Le Fonds monétaire international a révélé, dans son dernier rapport, une trajectoire de croissance soutenue pour l’économie du Maroc, soulignant que le produit intérieur brut marocain devrait progresser de manière significative au cours des prochaines années, à un rythme supérieur à celui de l’Espagne voisine, confrontée à une croissance plus modérée.
Selon les données du FMI, cette dynamique s’explique notamment par l’orientation affirmée du Maroc en faveur de l’investissement public, à travers de vastes projets d’infrastructures, ainsi que par le renforcement du secteur énergétique grâce au développement massif des énergies renouvelables et à l’expansion de projets stratégiques à grande échelle.

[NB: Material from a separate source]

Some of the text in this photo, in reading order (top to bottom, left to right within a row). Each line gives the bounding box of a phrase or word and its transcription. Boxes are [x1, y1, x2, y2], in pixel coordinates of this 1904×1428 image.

Les médias espagnols ont largement relayé ce rapport, établissant des comparaisons directes entre les perspectives économiques marocaines et espagnoles. Les prévisions du FMI indiquent que le PIB marocain pourrait enregistrer une croissance annuelle avoisinant les 4 %, contre environ 2 % seulement pour l’économie espagnole.
Le rapprochement entre le Maroc et les États-Unis, dans un contexte de tensions accrues entre Washington et Madrid autour de la guerre avec l’Iran, a également alimenté les commentaires de la presse espagnole. Plusieurs médias décrivent désormais le Maroc comme un allié stratégique majeur des États-Unis, alors que des spéculations émergent autour d’éventuelles décisions de l’administration Donald Trump concernant les bases militaires américaines en Méditerranée ainsi que les relations commerciales et économiques dans la région.

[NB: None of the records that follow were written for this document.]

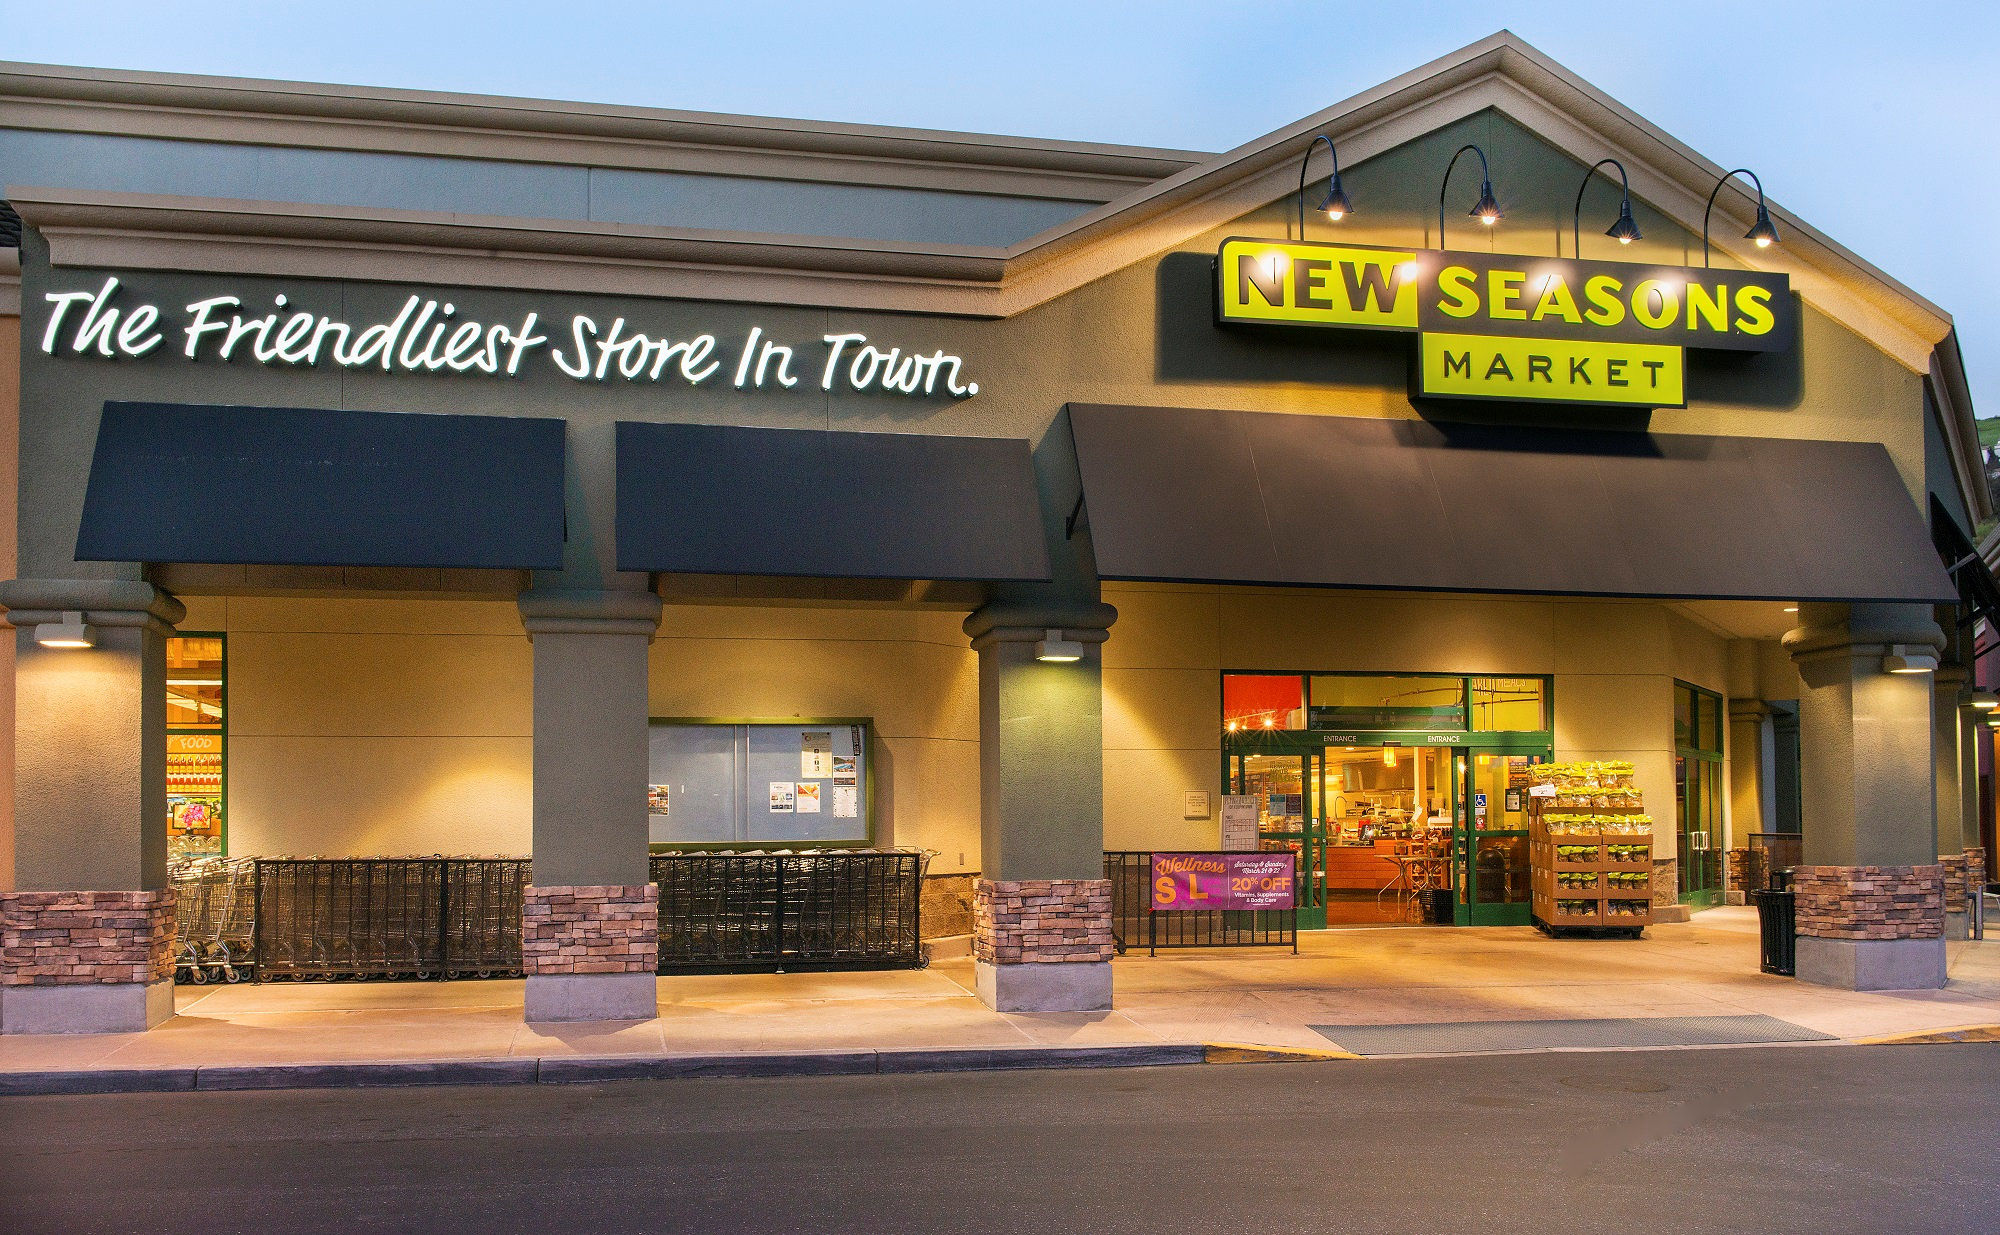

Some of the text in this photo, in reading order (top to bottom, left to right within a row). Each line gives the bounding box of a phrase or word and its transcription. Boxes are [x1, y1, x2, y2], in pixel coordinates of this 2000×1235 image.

[1238, 254, 1776, 336] NEW SEASONS
[41, 276, 979, 396] The Friendliest Store In Town.
[1442, 350, 1665, 389] MARKET
[180, 736, 213, 750] FOOD
[1323, 735, 1357, 743] ENTRANCE
[1427, 735, 1461, 743] ENTRANCE
[1155, 857, 1227, 876] Wellness
[1231, 876, 1292, 891] 20% OFF
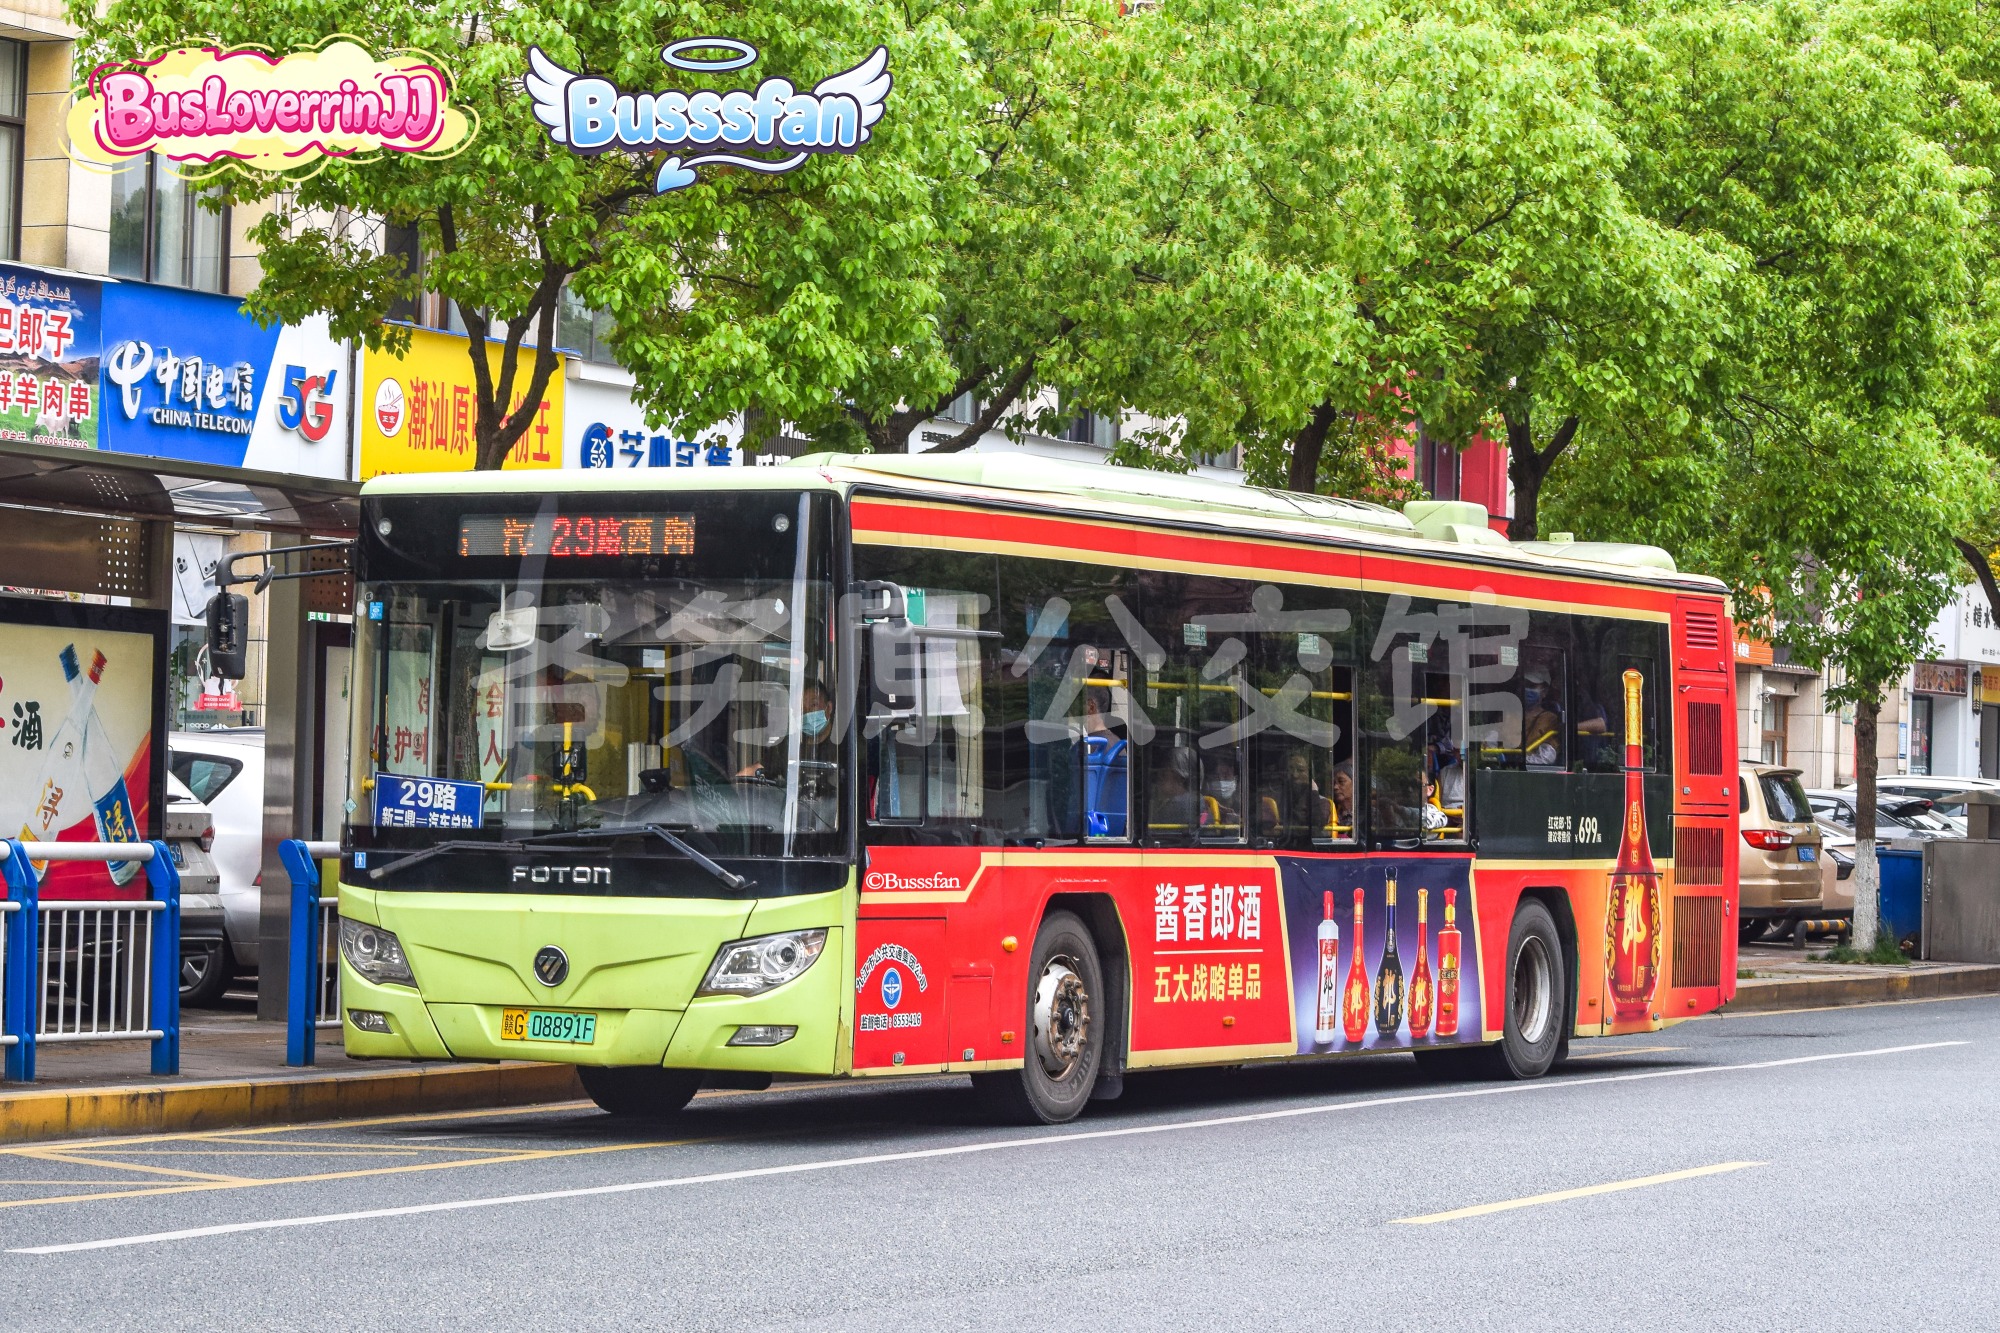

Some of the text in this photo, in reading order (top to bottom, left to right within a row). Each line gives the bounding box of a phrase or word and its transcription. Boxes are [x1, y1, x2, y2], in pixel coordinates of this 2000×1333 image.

[156, 347, 255, 411] 中国电信
[152, 407, 253, 434] CHINA TELECOM
[276, 364, 337, 443] 5G
[12, 701, 43, 751] 酒
[399, 781, 457, 812] 29路
[512, 865, 612, 885] FOTON
[1154, 882, 1262, 942] 酱香郎酒
[856, 943, 928, 993] 九江市公共交通集团公司
[1153, 962, 1261, 1003] 五大战略单品
[531, 1014, 595, 1040] 08891F

Cette dynamique économique portée par le Royaume sous l’impulsion du Roi Mohammed VI suscite à la fois admiration et inquiétude au nord de la Méditerranée. Le Maroc s’impose progressivement comme une puissance industrielle émergente, dépassant désormais l’Italie en nombre annuel de véhicules produits, avec plus d’un demi-million d’unités fabriquées chaque année.
Les perspectives de croissance du Maroc devraient encore se renforcer dans les années à venir, notamment grâce à la mise en œuvre de la réforme fiscale destinée à rendre l’économie plus compétitive et transparente, à la progression des exportations automobiles dépassant les 10 milliards de dollars par an, au développement de l’industrie aéronautique, aux exportations de phosphate ainsi qu’à l’essor remarquable du secteur touristique.

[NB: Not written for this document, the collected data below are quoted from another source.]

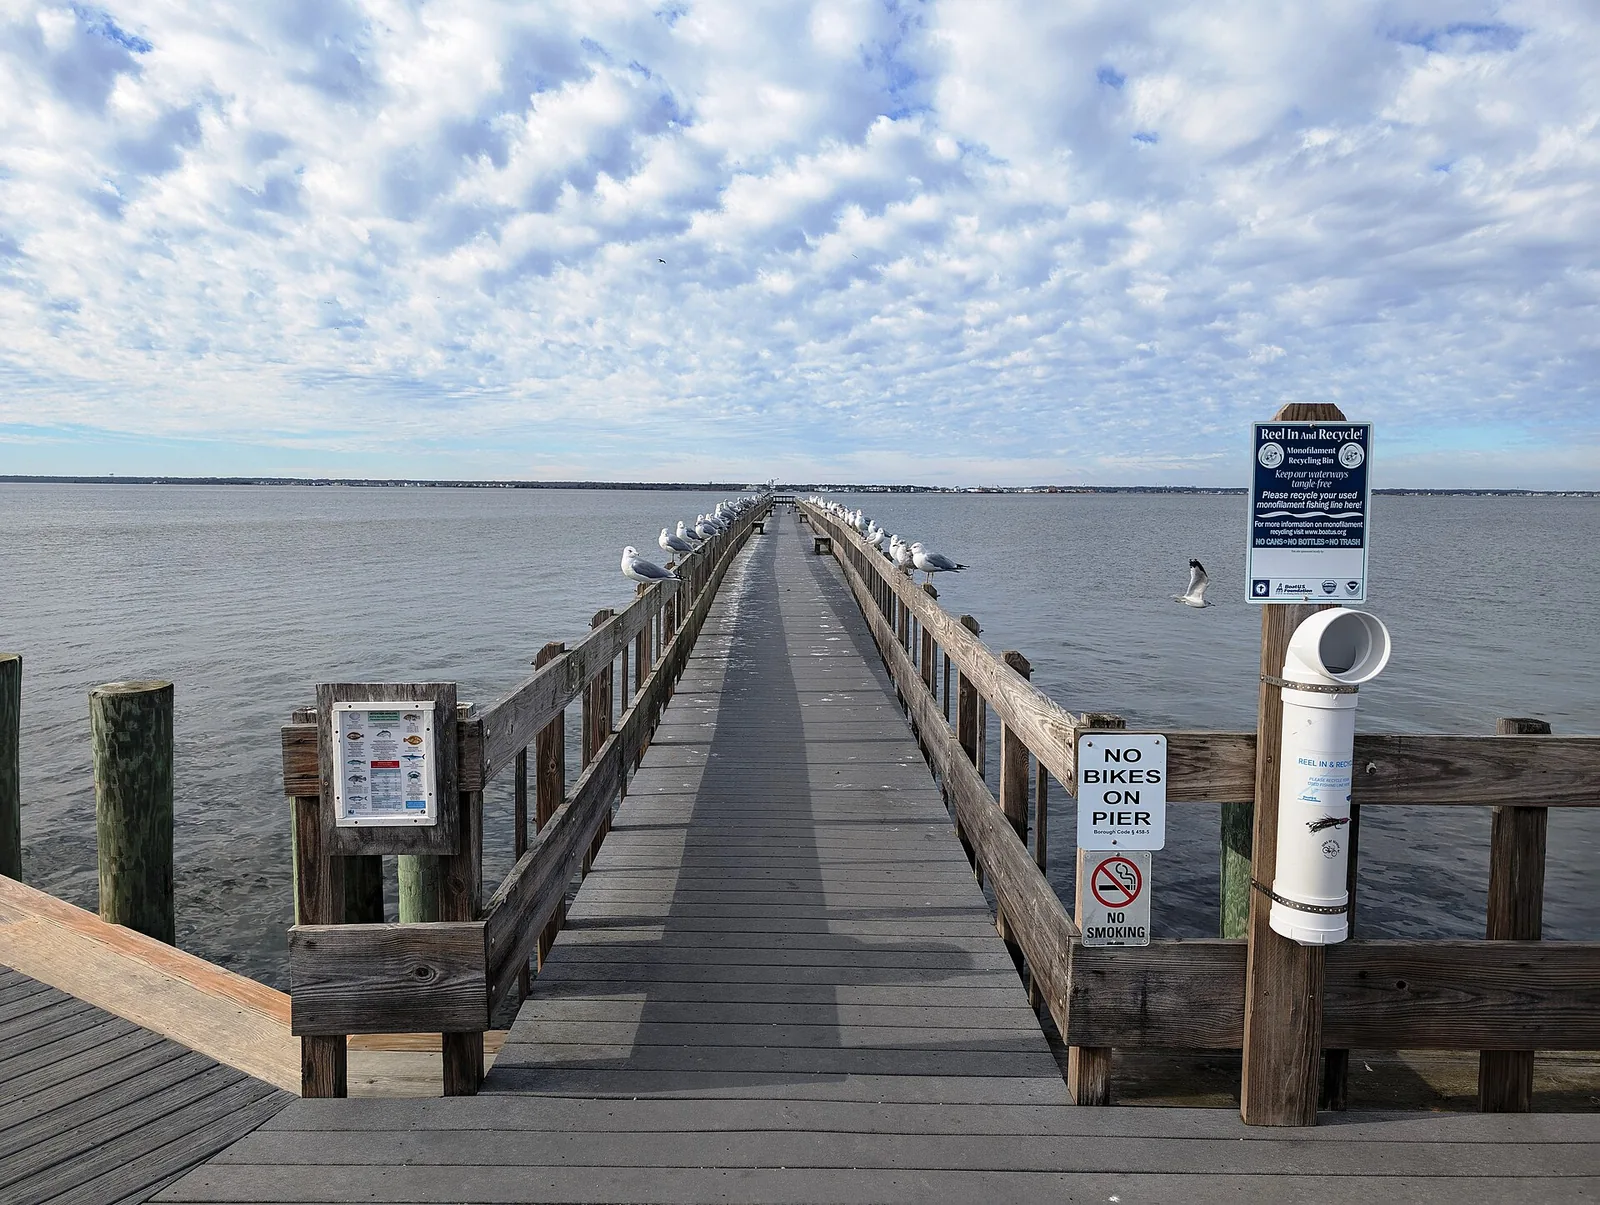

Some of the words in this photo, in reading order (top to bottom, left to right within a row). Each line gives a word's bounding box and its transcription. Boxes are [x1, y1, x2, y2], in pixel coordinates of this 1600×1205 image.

[1262, 428, 1285, 439] Reel
[1288, 429, 1299, 439] In
[1319, 428, 1362, 442] Recycle!
[1289, 457, 1321, 465] Recycling
[1276, 470, 1293, 479] Keep
[1309, 471, 1348, 480] waterways
[1292, 479, 1332, 489] tangle-free
[1262, 491, 1288, 499] Please
[1290, 491, 1317, 500] recycle
[1320, 492, 1336, 500] your
[1306, 501, 1329, 510] fishing
[1105, 749, 1142, 762] NO
[1299, 758, 1317, 766] REEL
[1084, 770, 1160, 783] BIKES
[1103, 791, 1140, 804] ON
[1092, 812, 1151, 826] PIER
[1107, 912, 1124, 923] NO
[1087, 926, 1145, 939] SMOKING

Les données de l’Organisation internationale des constructeurs automobiles (OICA) indiquent par ailleurs que le Maroc figure désormais parmi les grands producteurs automobiles mondiaux et se rapproche progressivement des pays européens dépassant le seuil du million de véhicules produits annuellement, tels que l’Allemagne, la France et l’Espagne.
Pour plusieurs médias espagnols, le rapport du FMI met en évidence un écart croissant entre les perspectives de croissance du Maroc (4 %) et celles de l’Espagne (2 %), renforçant ainsi l’attractivité du Royaume pour les investissements internationaux et consolidant sa place sur l’échiquier économique mondial, dans un contexte mêlant admiration et inquiétude chez ses voisins du nord.